Everyone heard tips from the gym or the workplace about how to stay in shape or which diets are best for losing weight fast, but are they all true? Julie Bender, a dietician from the Baylor University Medical Center in Dallas, and Phil Tyne from Baylor Tom Landry Health and Wellness Center talked about some of the popular myths.
Some people say that belly fat can be removed with crunches. That`s not true because you can`t pick the area where you want to burn fat. To burn fats you may follow a workout program that includes elements from strength training or cardiovascular training and so, you may decrease overall body fat content, says Tyne.

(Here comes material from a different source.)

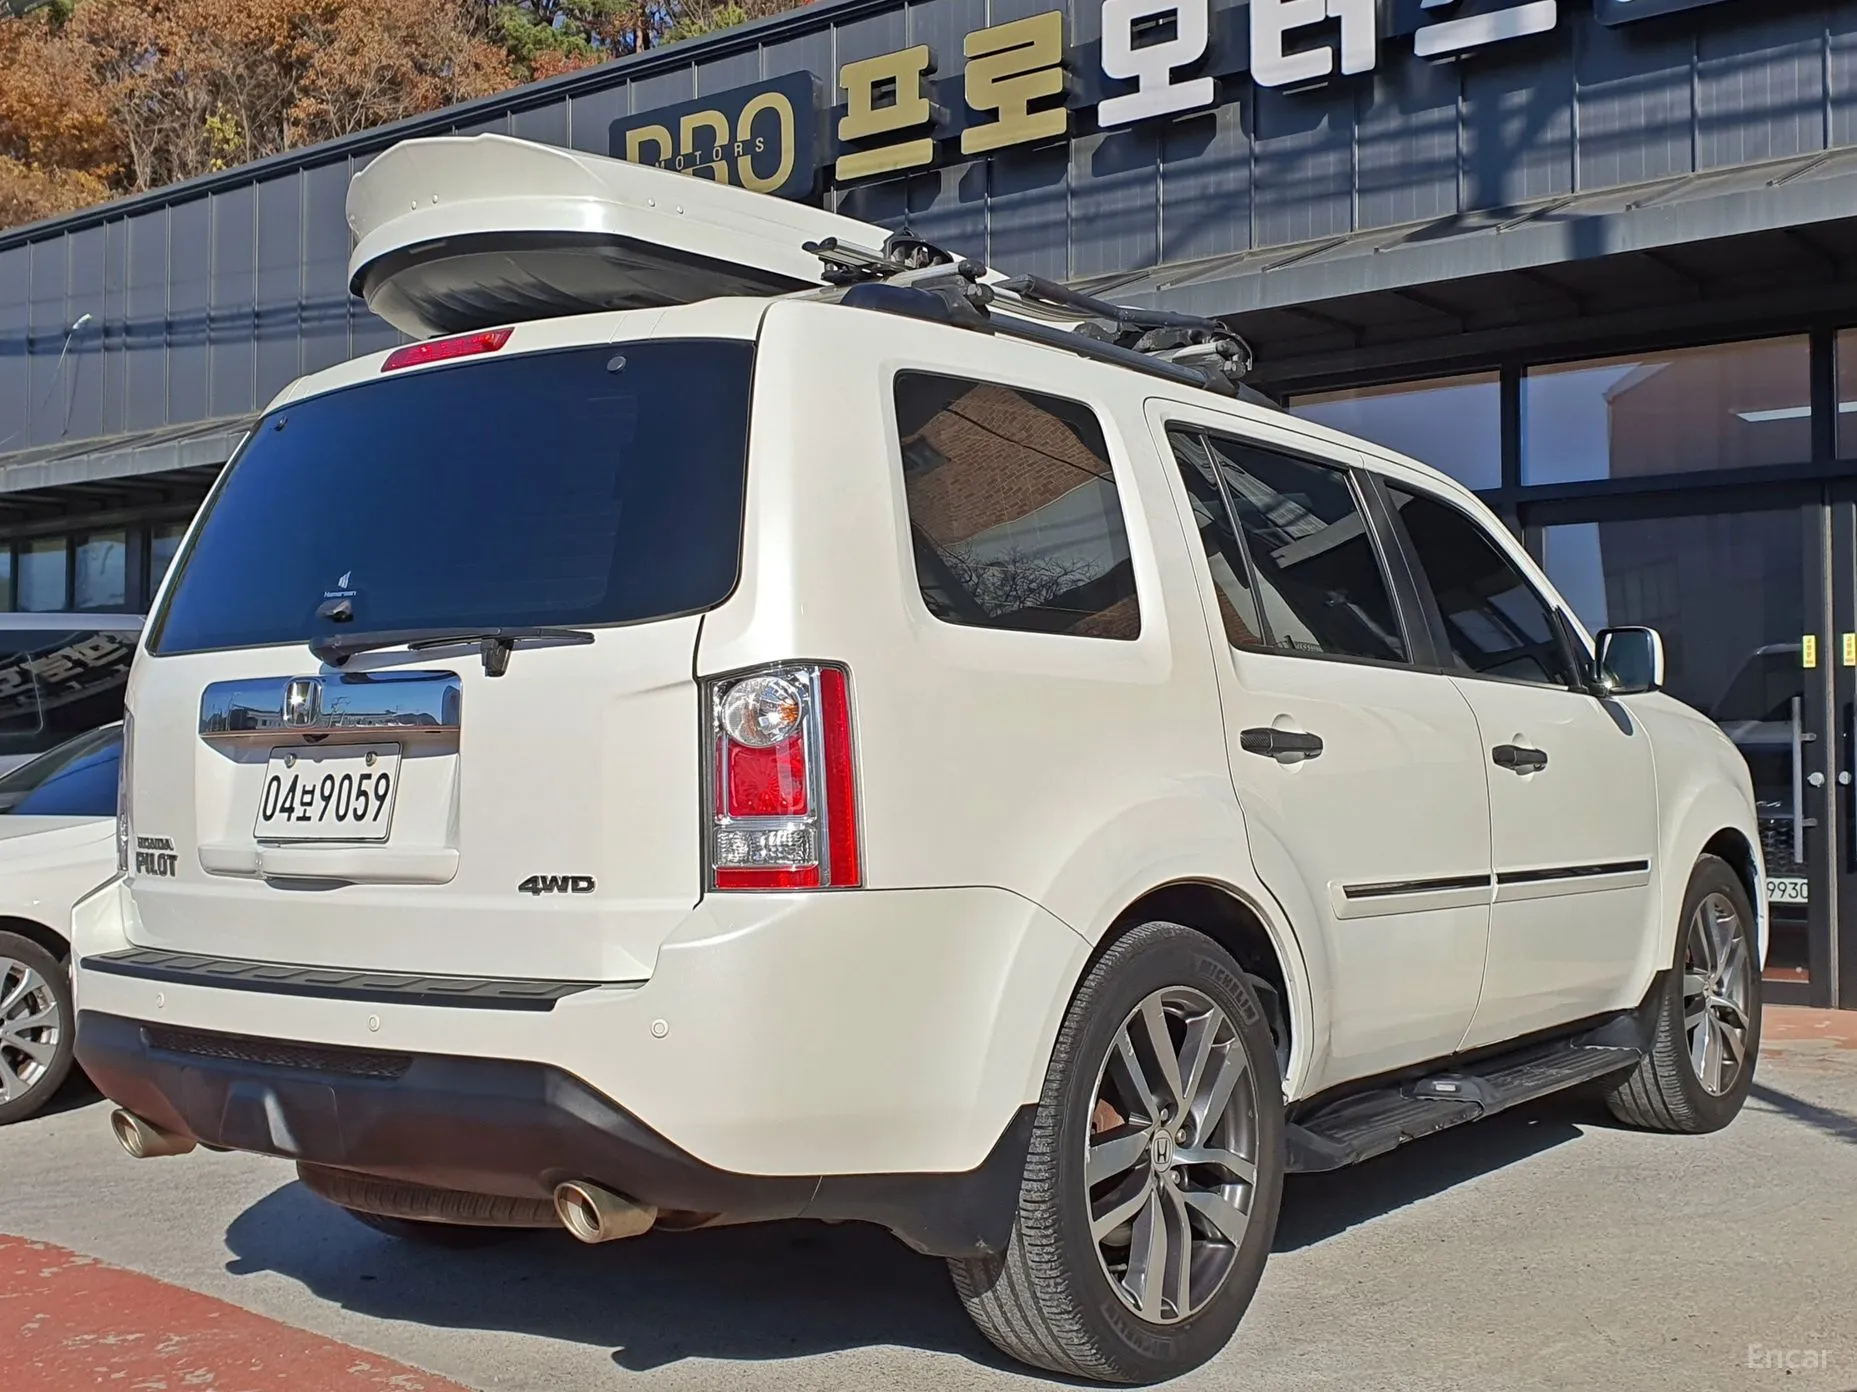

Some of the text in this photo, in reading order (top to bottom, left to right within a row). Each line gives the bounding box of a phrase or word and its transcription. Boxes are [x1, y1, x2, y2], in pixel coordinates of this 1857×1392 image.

[262, 772, 391, 822] 04보9059
[135, 851, 178, 878] PILOT
[518, 875, 595, 897] 4WD

The fact that it`s essential to stretch before exercising is false. Studies showed that stretching may increase the susceptibility of the muscle to injury because the muscle fibers become destabilized and less prepared for exercise. It`s good to warm-up before running, but try to stretch after the workout if you`re lifting weights, says Tyne.
Even if you`re having a morning workout, you may have a small meal with one to three hours before exercising. You may choose whole wheat toast, yogurt, or fruits because they provide energy for your muscles and helps you work efficiently, according to Bender.
Women become bulky because of lifting weights. That`s false because most women don`t produce enough testosterone to become bulky and if you`re getting bigger, you should use less weight, says Tyne.
The myth that fats are bad isn`t completely true. Small amounts of “good” fats may help you feel full and therefore eat less. The “good” fats are those from avocado, fish, or nuts. Some may be helpful for disease prevention, according to Bender.
Calorie restriction is a good way to lose weight. That`s false. Both calorie restriction and practice help you lose weight and maintain metabolism. Drastic measures like radically reducing the daily calorie intake may slow metabolism and provide only temporary results, says Bender.
You may eat healthy foods as much as you want. That`s false. You should limit the calorie intake and portion size no matter if you`re having a healthy food or not, says Bender.
Another myth says that fats are turned into muscles by exercise. Since muscle tissues and fats are made up of different types of cells, “fat will never turn into muscle” says Tyne.